Eis que nos surge, em formato de insígnia cósmica, um artefato digno de figurar na bandeira de uma civilização intergaláctica que só consome café de grão biológico e escuta post-punk soviético. Apresenta-se O Astronauta – na sua quarta e, arrisco dizer, mais existencial versão.
No centro deste círculo imponente, encontramos uma figura que é a quintessência do "viver livre ou morrer". Abaixo da caveira, mas intrinsecamente ligada a ela, está o colarinho e os ombros robustos de um fato de astronauta. É a fusão perfeita entre a mortalidade e a ambição humana de transcender os limites, até mesmo os da vida...

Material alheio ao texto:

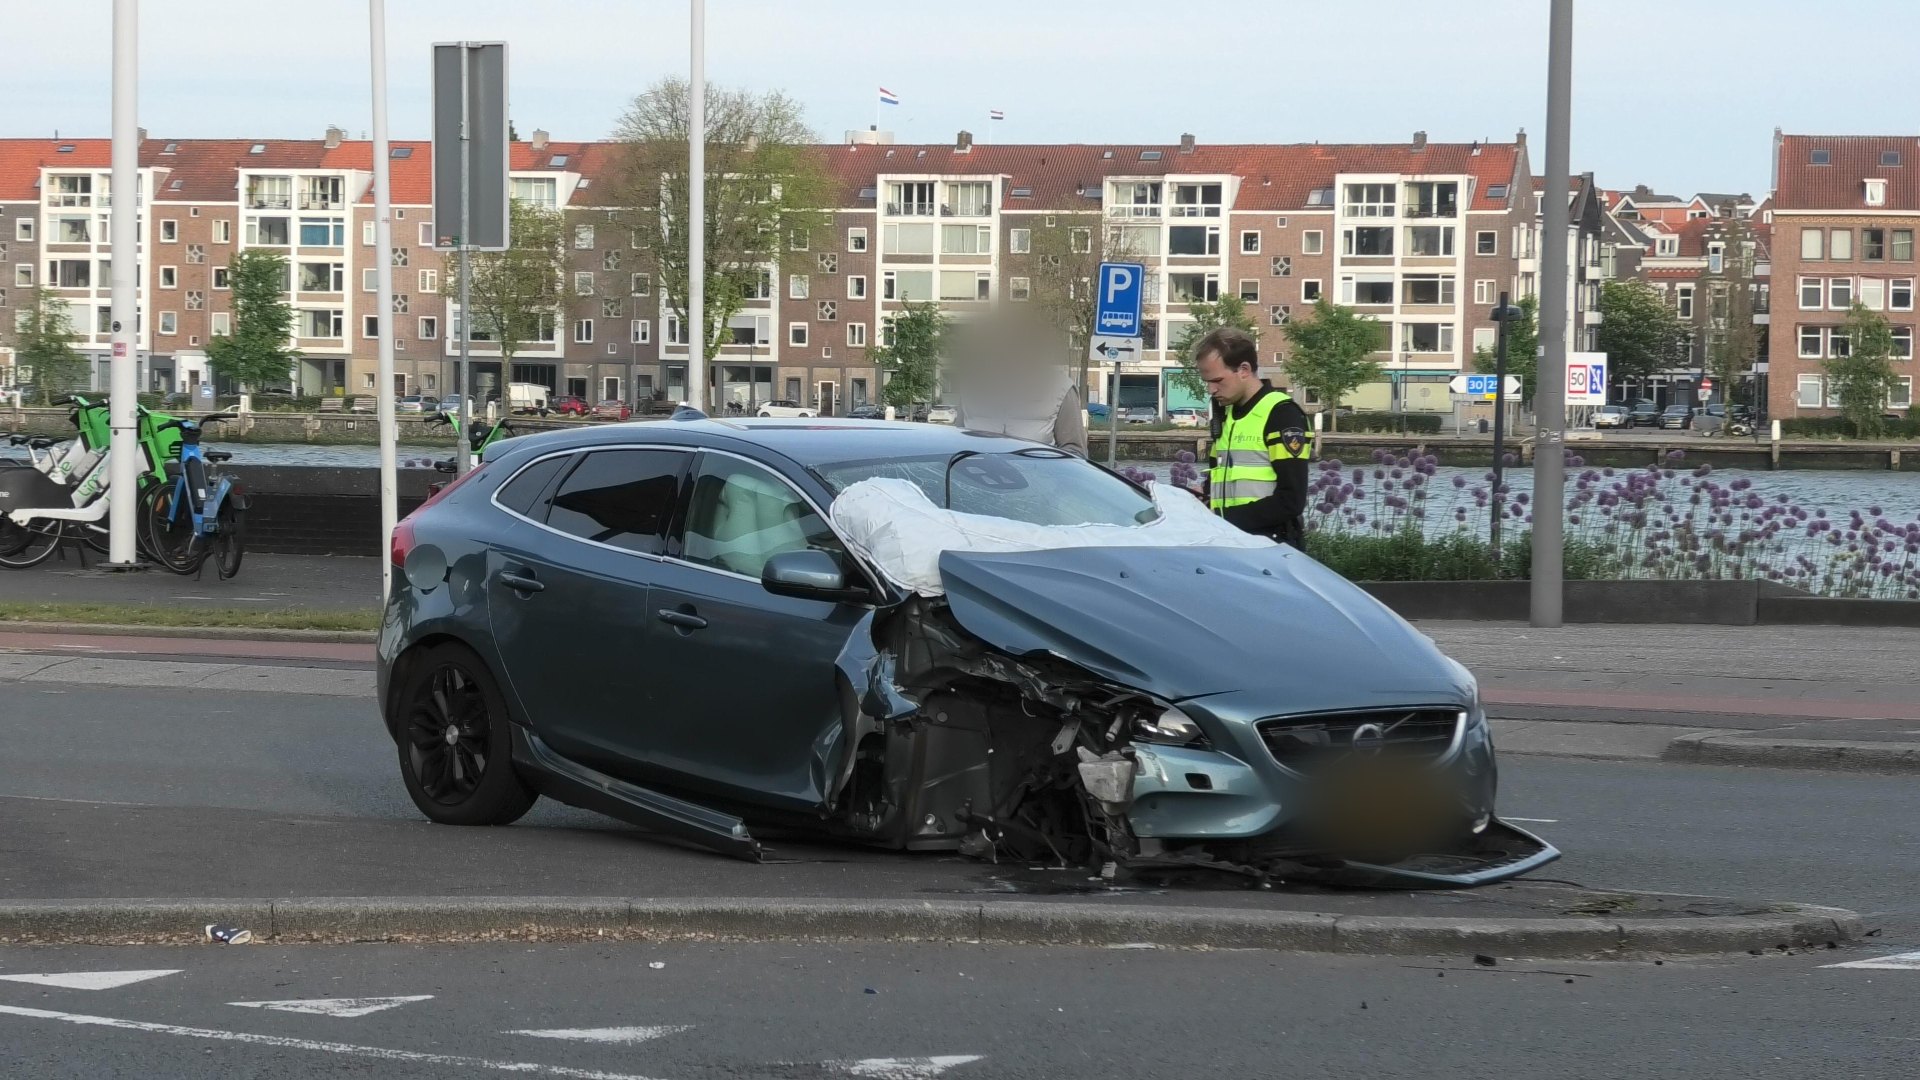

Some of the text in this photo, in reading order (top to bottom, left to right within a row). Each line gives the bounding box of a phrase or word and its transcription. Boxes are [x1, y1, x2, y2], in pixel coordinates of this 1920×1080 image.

[1108, 268, 1132, 303] P
[1469, 380, 1483, 390] 30
[1570, 372, 1585, 386] 50

Esta peça é para o sonhador cínico, para aquele que entende que a vida é curta, mas a busca pela liberdade deve ser eterna. É uma ode à aventura final, à derradeira viagem, e ao espírito que se recusa a ser confinado por convenções ... mesmo que sejam biológicas. É um aviso visual de que, por vezes, a maior liberdade encontra-se para lá dos limites da vida (e que a estética, sim, a estética pode e deve persistir... 😅)
"O espaço é vasto, mas a alma humana é ainda maior, mesmo que seja apenas um esqueleto a navegar por ela." - Anónimo.